How to complete this task: All of the listing should be output exactly, apart from the pictures.

Excerpted records:

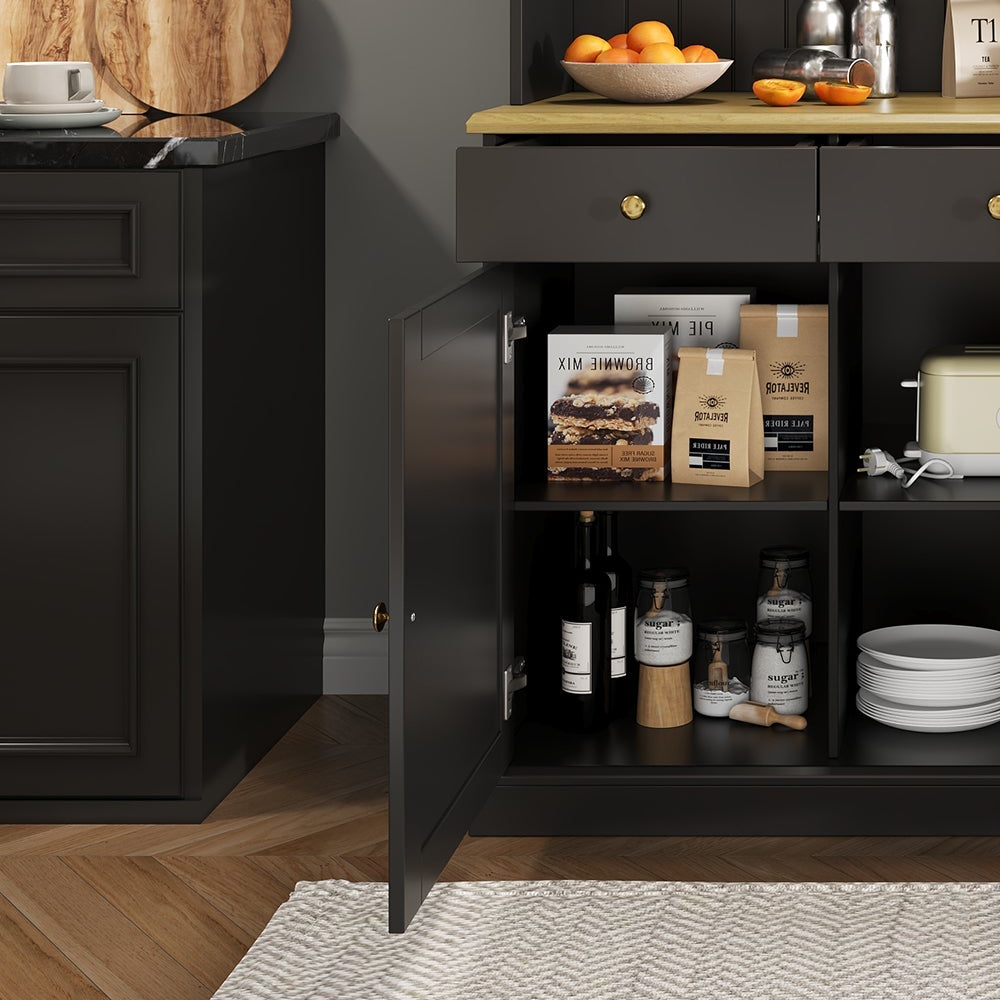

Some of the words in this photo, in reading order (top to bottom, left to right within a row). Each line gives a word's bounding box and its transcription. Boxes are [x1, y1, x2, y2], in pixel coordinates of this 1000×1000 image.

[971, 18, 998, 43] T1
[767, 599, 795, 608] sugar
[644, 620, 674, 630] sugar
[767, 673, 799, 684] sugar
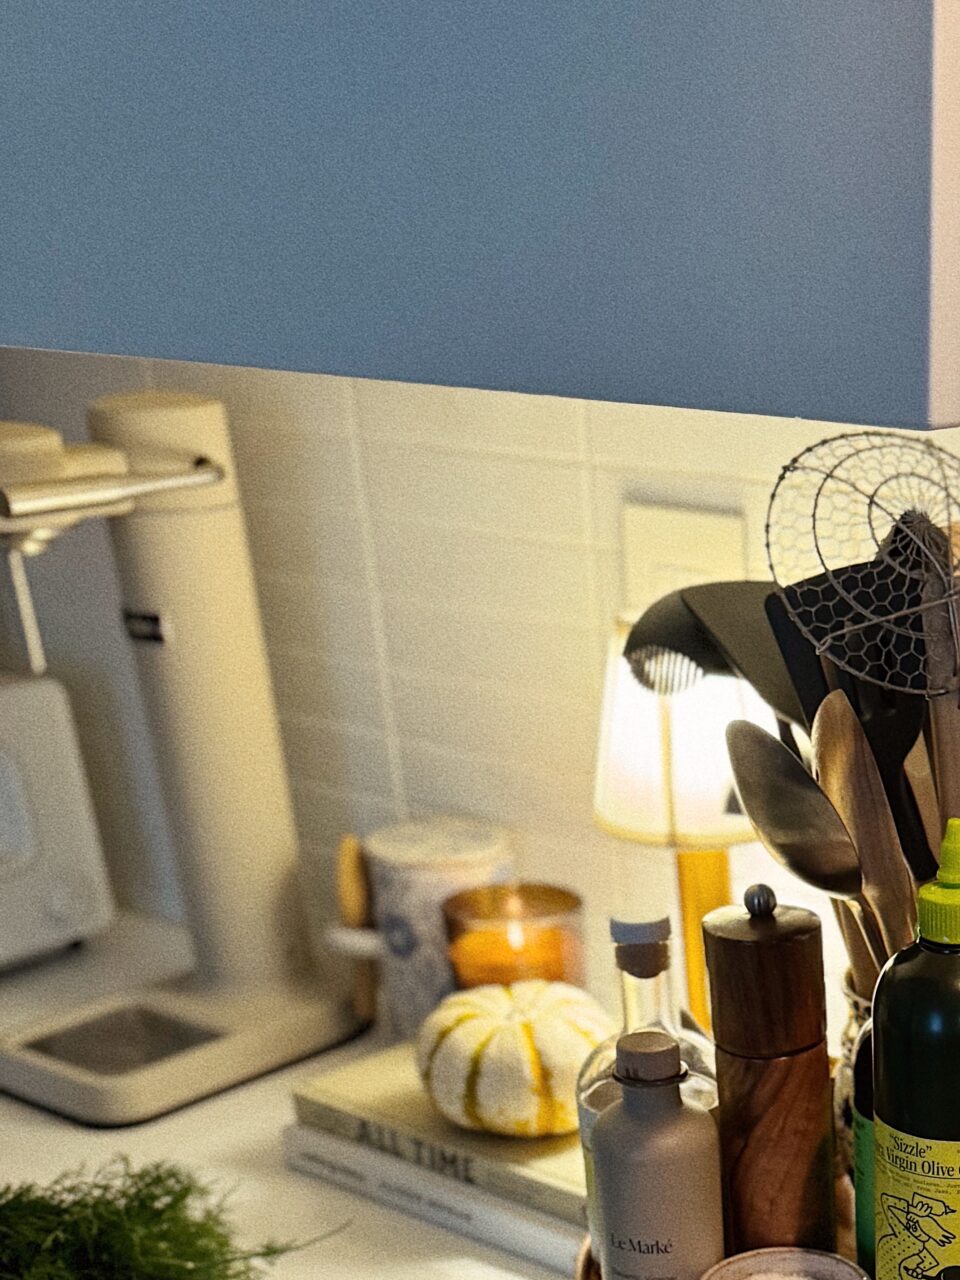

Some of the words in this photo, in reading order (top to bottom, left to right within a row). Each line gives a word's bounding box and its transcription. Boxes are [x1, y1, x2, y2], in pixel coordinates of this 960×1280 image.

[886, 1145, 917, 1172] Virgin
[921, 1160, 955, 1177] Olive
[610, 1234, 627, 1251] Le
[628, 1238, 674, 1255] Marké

Completed task:
Some of the words in this photo, in reading order (top to bottom, left to right within a row). Each line gives a word's bounding box and its transcription. Boxes are [x1, y1, x2, y2], in pixel coordinates of this 1000×1000 image.

[971, 18, 998, 43] T1
[767, 599, 795, 608] sugar
[644, 620, 674, 630] sugar
[767, 673, 799, 684] sugar

Some of the words in this photo, in reading order (top to bottom, left to right within a row). Each line gives a word's bounding box and its transcription. Boxes are [x1, y1, x2, y2], in pixel coordinates of this 960×1280 image.

[886, 1145, 917, 1172] Virgin
[921, 1160, 955, 1177] Olive
[610, 1234, 627, 1251] Le
[628, 1238, 674, 1255] Marké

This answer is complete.